Academic journal article The Hastings Center Report

What Child Is This?

Academic journal article The Hastings Center Report

What Child Is This?

Article excerpt

A childhood memory: It is a Sunday afternoon in late summer, shortly after my sixth birthday. Downstairs, my mother is entertaining a visitor; the sound of their voices drifts up through the open window. I am alone in the room I share with my brother and sister, and I have run out of things to do. I walk quietly down the hallway and enter my mama and papa's bedroom, a dim and ordered space where the shades have been drawn against the heat.

The crib stands at the foot of the bed. Through the wooden bars I see that Carla's eyes are open, so I speak to her. She stares at me solemnly, and I think that if she could, she would reach for me. The curls feathering her head are damp with sweat and her little shirt is rumpled, so I carefully lower the rail and slide my arm under her back, lifting her off the mattress. Holding her horizontal, I slowly carry her from the room, turning sideways as I take her through the door. When we reach the staircase at the end of the hall I grope with my foot for the step. I keep my eyes on her face and she returns the gaze, seemingly intent on what I murmur to her as we make our descent. Here is where the stairs turn, so we have to be extra careful. We'll stay close to the wall and my foot will tell me where the next step is. You're not so heavy, are you, my baby? You want your mama, don't you. Another step, and then another.

My sandal touches the linoleum at the foot of the stairs. The murmur of voices is louder now, punctuated by my mother's laughter. Again I turn sideways to maneuver us through the doors and we pass through the empty kitchen and dining room. As we appear in the archway to the living room my mother sees us and stiffens, breaking off in mid-sentence, coffee cup lowered halfway to the saucer. Then she smiles. "Oh, was Carla awake? Aren't you a good big sister to bring her downstairs. Now come to me slowly. Hold on tight. Be very careful--that's right." As soon as I am in range she scoops the baby out of my arms and cradles her protectively. She smiles still, but I know I have done something wrong.

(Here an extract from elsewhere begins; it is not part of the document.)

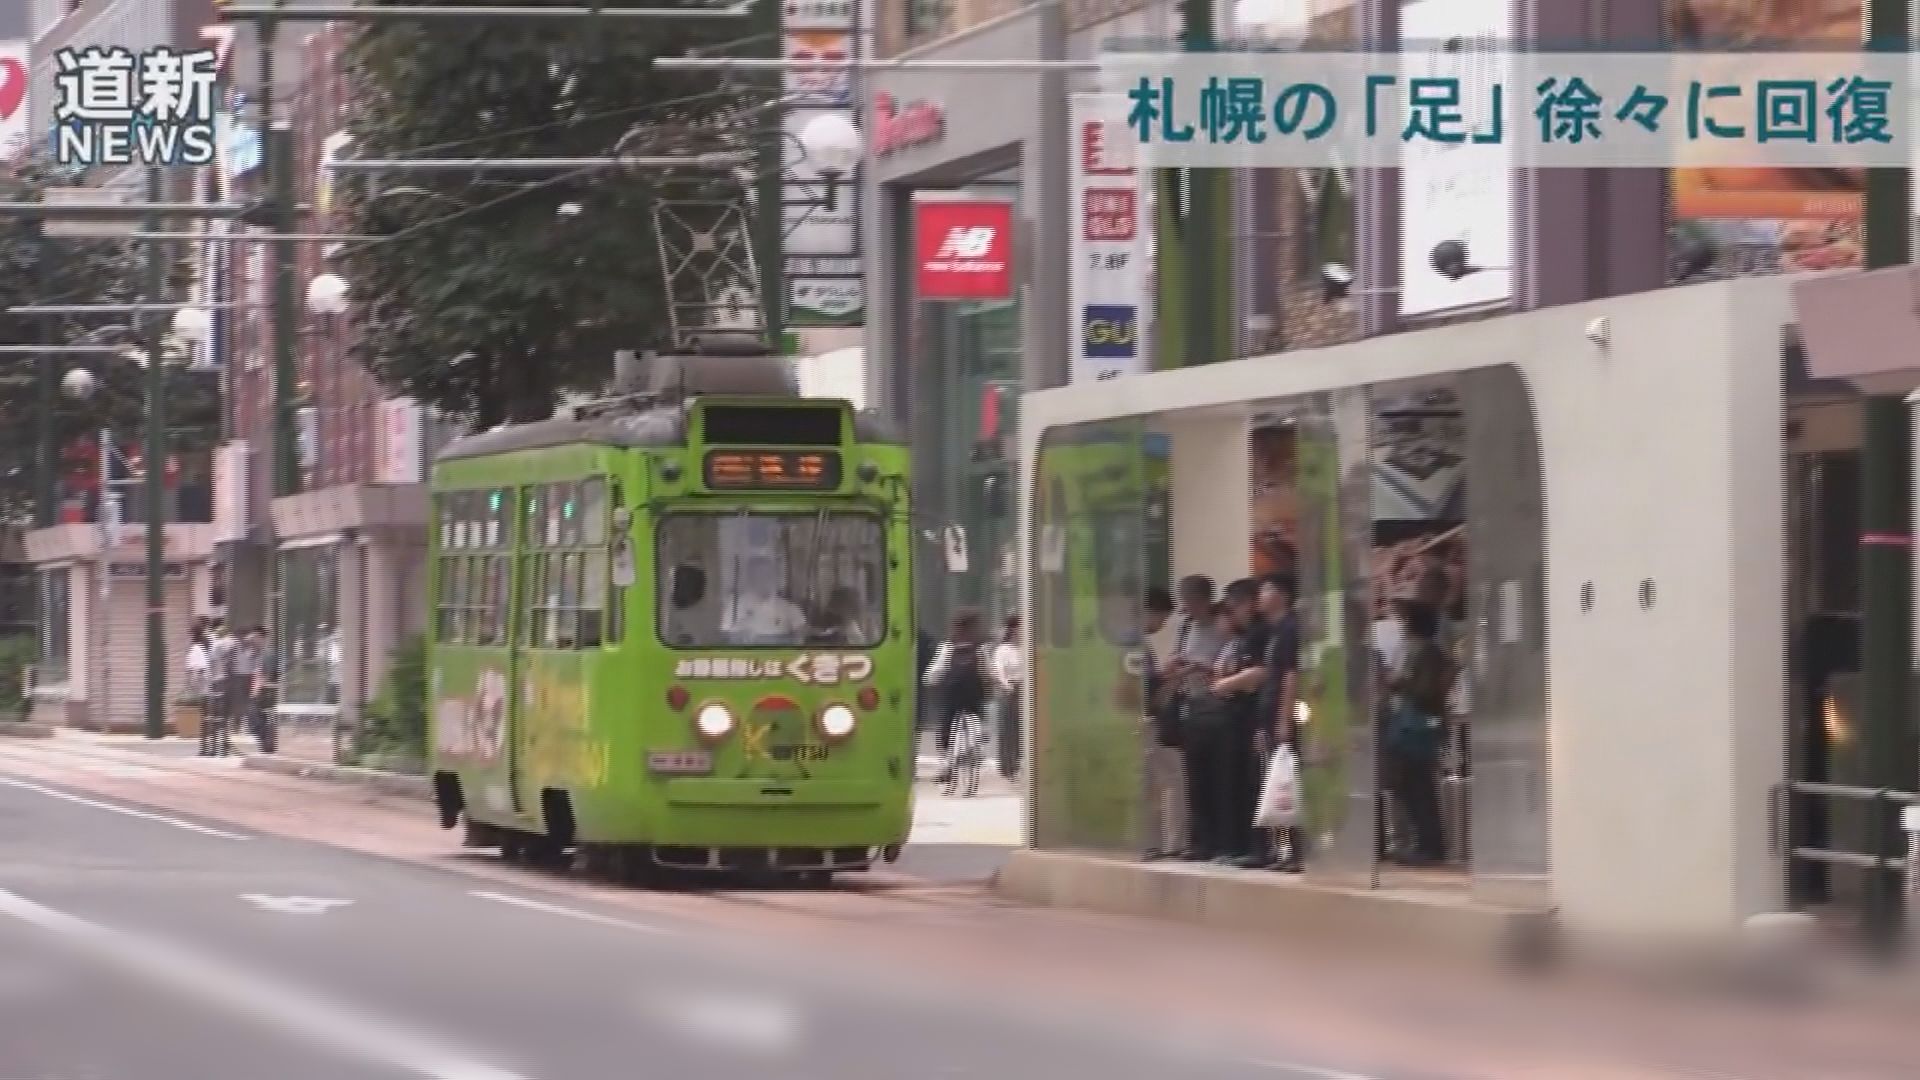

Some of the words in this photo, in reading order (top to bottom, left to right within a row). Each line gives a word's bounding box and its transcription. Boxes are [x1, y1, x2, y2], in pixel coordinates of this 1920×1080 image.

[1087, 319, 1137, 345] GU
[786, 653, 873, 683] くきつ

In the 1950s, not much could be done about hydrocephaly, a neural tube disorder in which spinal fluid builds up in the brain, exerting pressure that interferes with cerebral function. The intracranial pressure caused by Carla's hydrocephaly was so severe that she could not lift her head, turn over, sit up, speak, or grasp objects. I do not remember that she ever smiled. She lacked the ability to swallow and had to be fed through a nasogastric tube, which my mother learned how to manipulate at home. Carla's appearance could deceive a casual observer into thinking she was much like any other baby, though a closer look revealed that her head was somewhat larger than normal. She had the translucent complexion that so often accompanies red hair, and a remarkably fine pair of blue eyes. I believed she was beautiful, and the snapshots that have survived give me no reason to change my opinion.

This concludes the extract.